These are my notes from week 3 of MIT course 7.88j: Protein Folding and Human Disease, held by Dr. Jonathan King on February 19, 2015.

### Assignment 2

The reading for this week was [O’Shea 1989] as well as chapters 4-5 of Branden & Tooze.

#### Alpha/beta structures

α/β structures are common to many small molecule-binding enzymes, including all of “glycolytic” enzymes (which bind and break down glucose in glycolysis).
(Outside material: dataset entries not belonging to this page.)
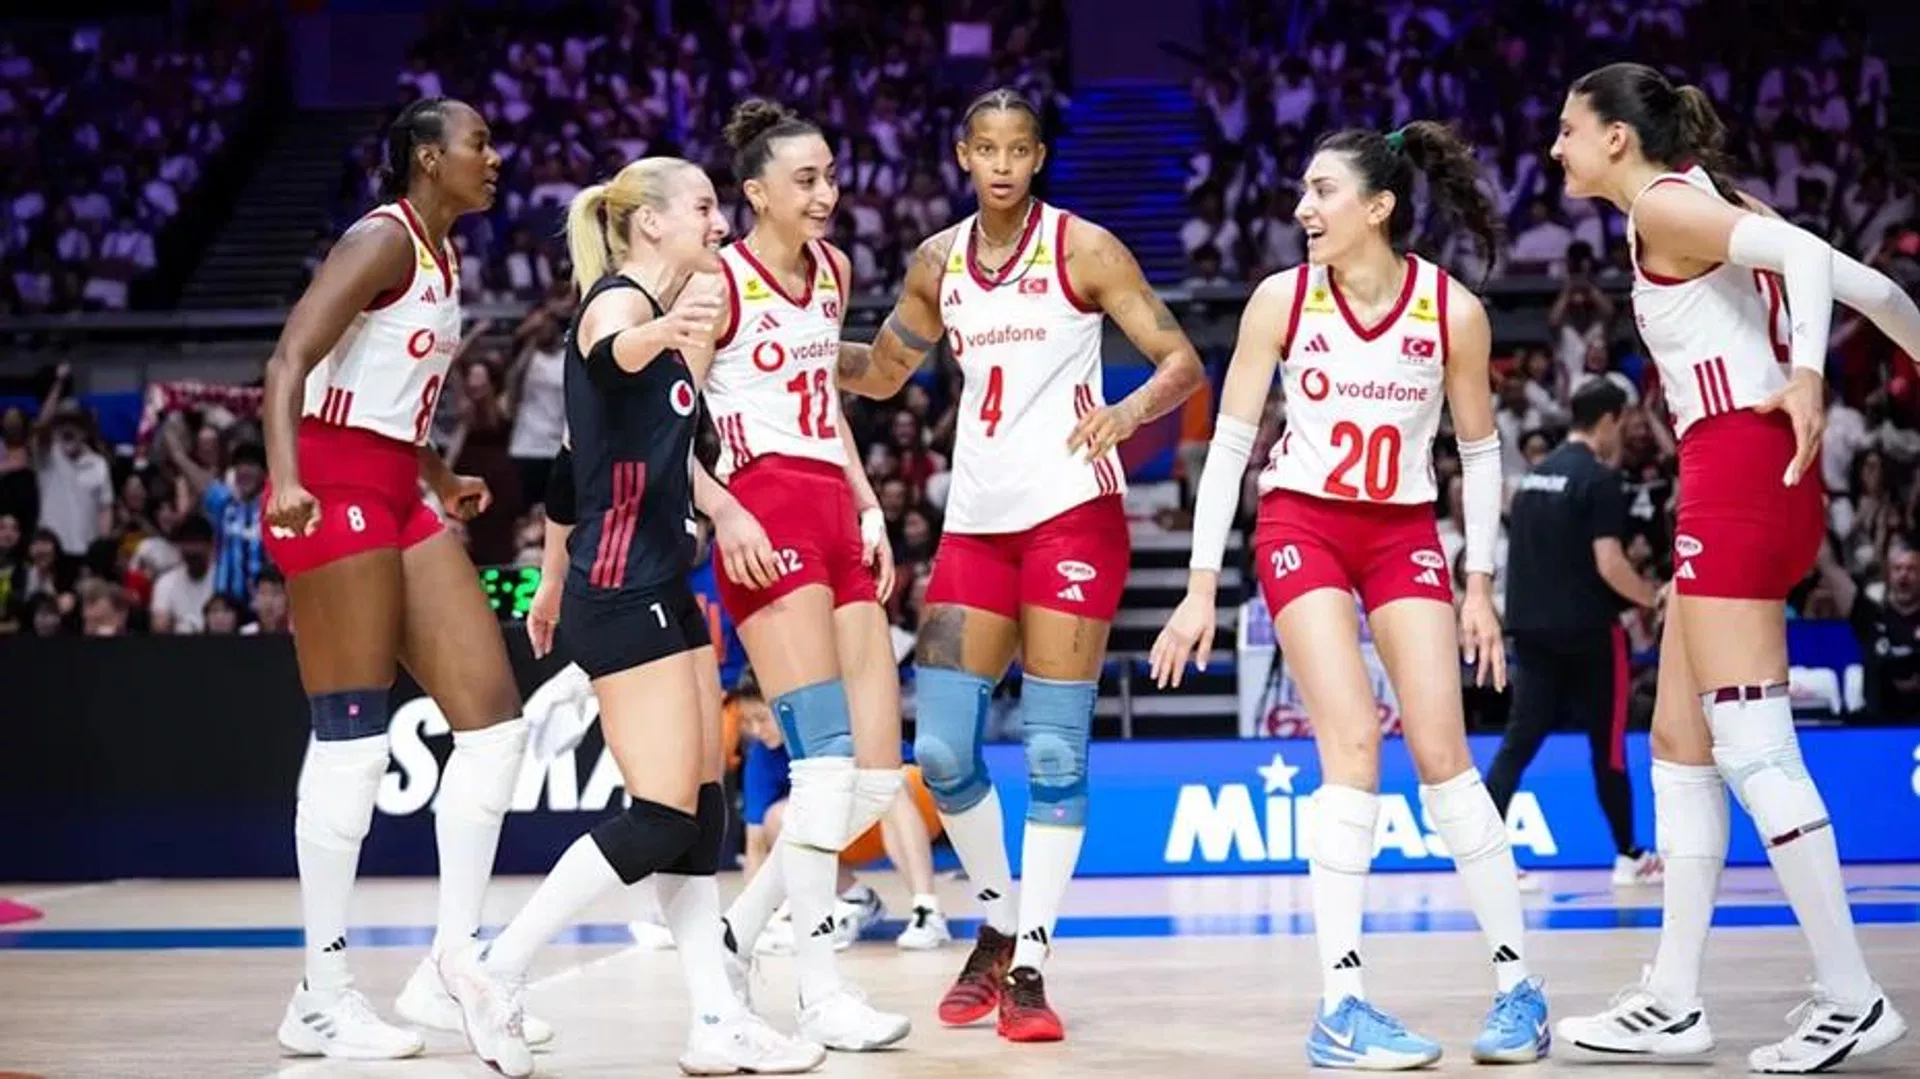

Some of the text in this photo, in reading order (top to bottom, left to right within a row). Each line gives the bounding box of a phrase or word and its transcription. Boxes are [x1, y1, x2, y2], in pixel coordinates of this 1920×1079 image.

[966, 324, 1047, 347] vodafone
[786, 368, 837, 439] 12
[979, 365, 1004, 437] 4
[1336, 381, 1429, 401] vodafone
[414, 374, 439, 443] 8
[1323, 421, 1402, 501] 20
[347, 505, 366, 532] 8
[772, 549, 804, 576] 12
[1271, 544, 1302, 579] 20
[650, 603, 668, 629] 1
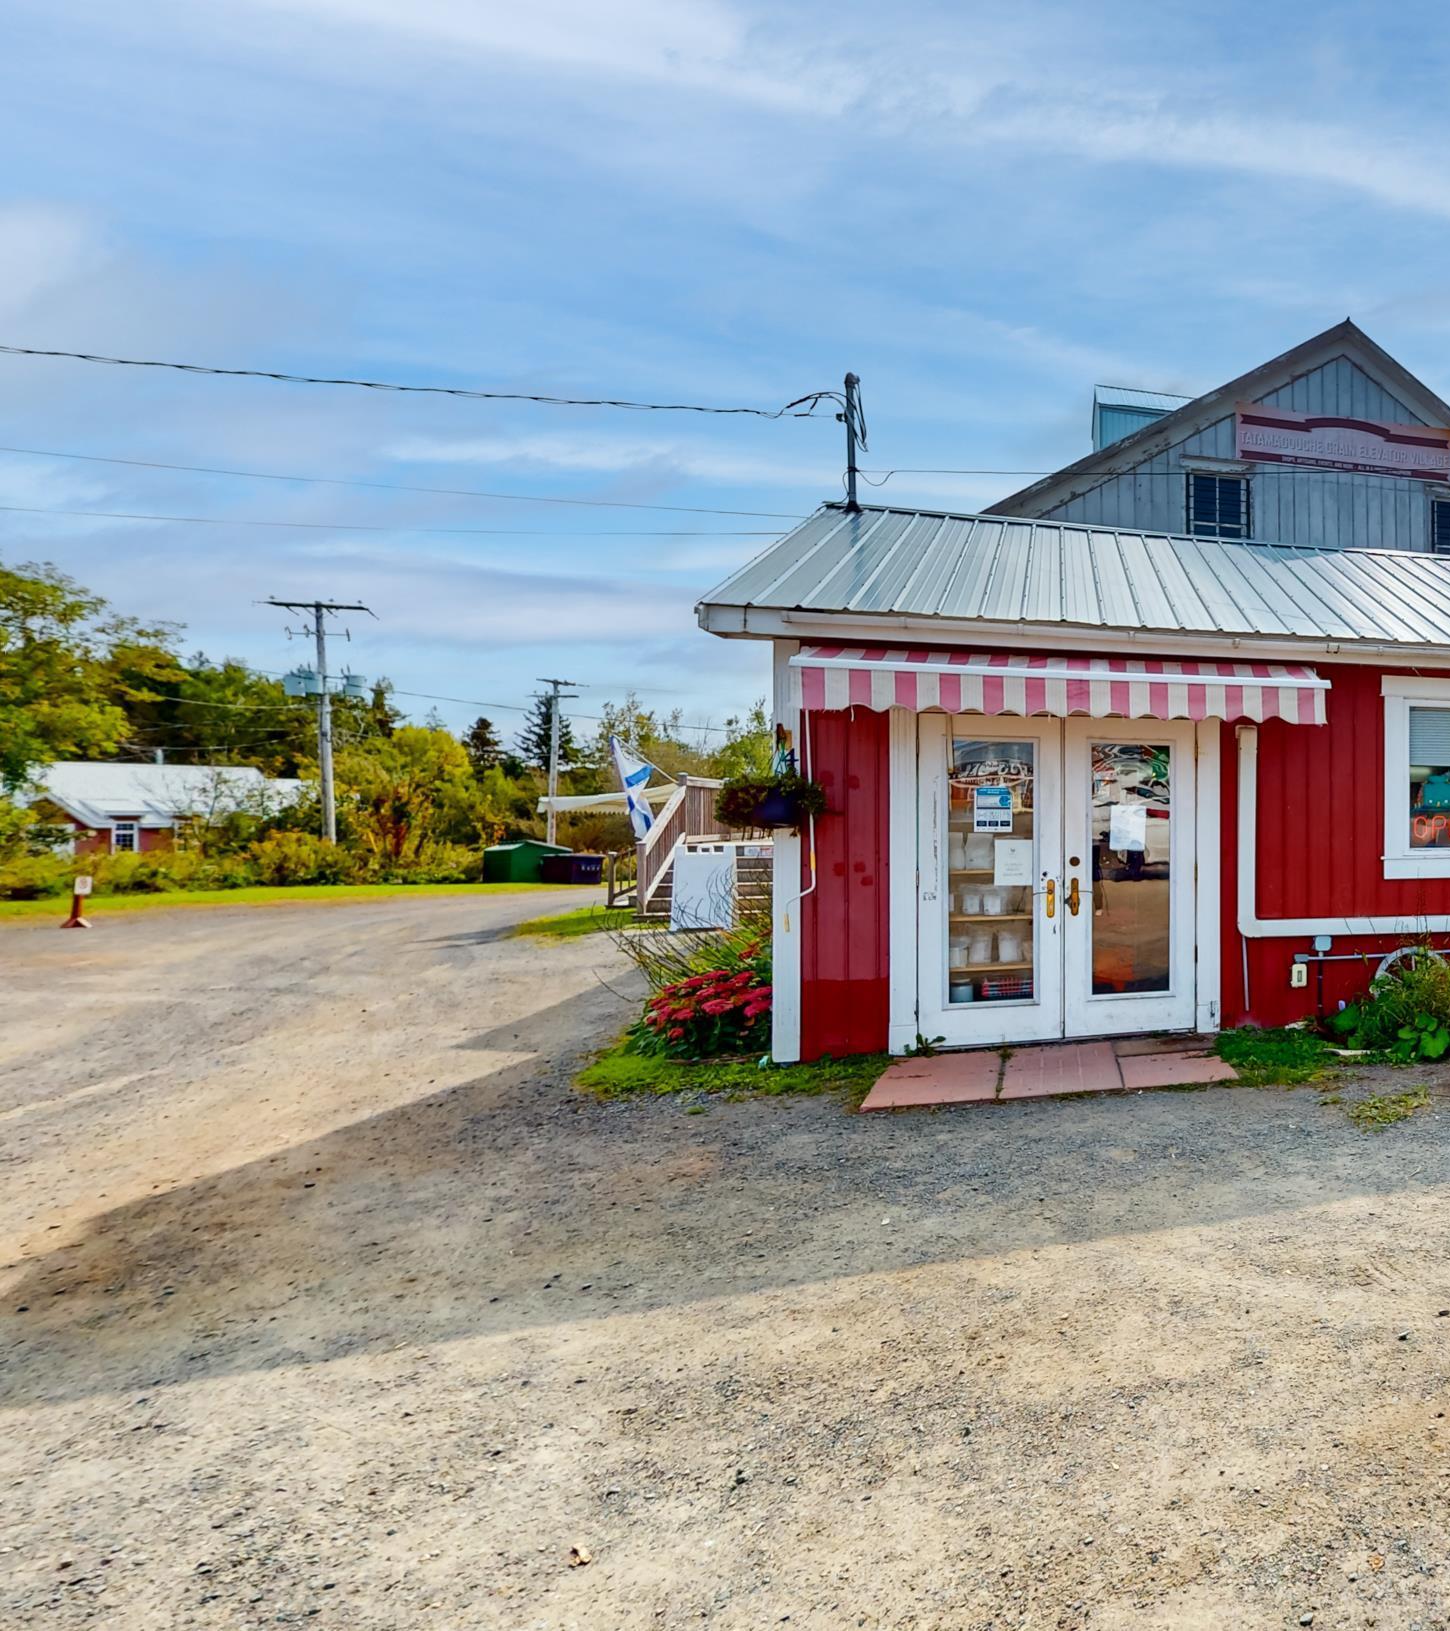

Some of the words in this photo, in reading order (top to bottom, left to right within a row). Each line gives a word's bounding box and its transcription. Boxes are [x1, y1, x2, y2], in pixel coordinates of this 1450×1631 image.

[1326, 441, 1357, 458] GRAIN
[1359, 445, 1407, 465] ELEVATOR
[1409, 451, 1450, 468] VILLAGE
In such a structure, there is a core β-barrel consisting of several beta sheets, either all parallel or mixed parallel/antiparallel, surrounded by a cage of alpha helices. In linear sequence, the alpha helices and beta sheets alternate. Thus, you can think of the structure as being made up of repeating αβα motifs. It is actually the loops at one end of the barrel that form the active site for binding the small molecule.

Current phylogenetic evidence suggests that the 15 or so distinct proteins known to have alpha/beta structures arose by convergent evolution. However, interestingly, in parallel beta barrels, the active site is always at the end that has the C terminus of each beta strand, and there is no obvious reason why this should need to be the case. There is one theory out there about charge having something to do with it.

#### From leucine zipper to coiled coil

By the late 1980s, the “coiled coil” introduced last time was already understood to be the structure of fibrous proteins like tropomyosin and keratin. Landschulz et al studied the DNA-binding protein GCN4 and proposed that its structure was a “leucine zipper” in which the leucines, which repeated every 7 residues, interlocked [Landschulz 1988]. O’Shea et al responded with evidence that GCN4 is in fact also a coiled coil, a structure which shares some structural features with the proposed leucine zipper but does not have leucine interdigitation [O’Shea 1989].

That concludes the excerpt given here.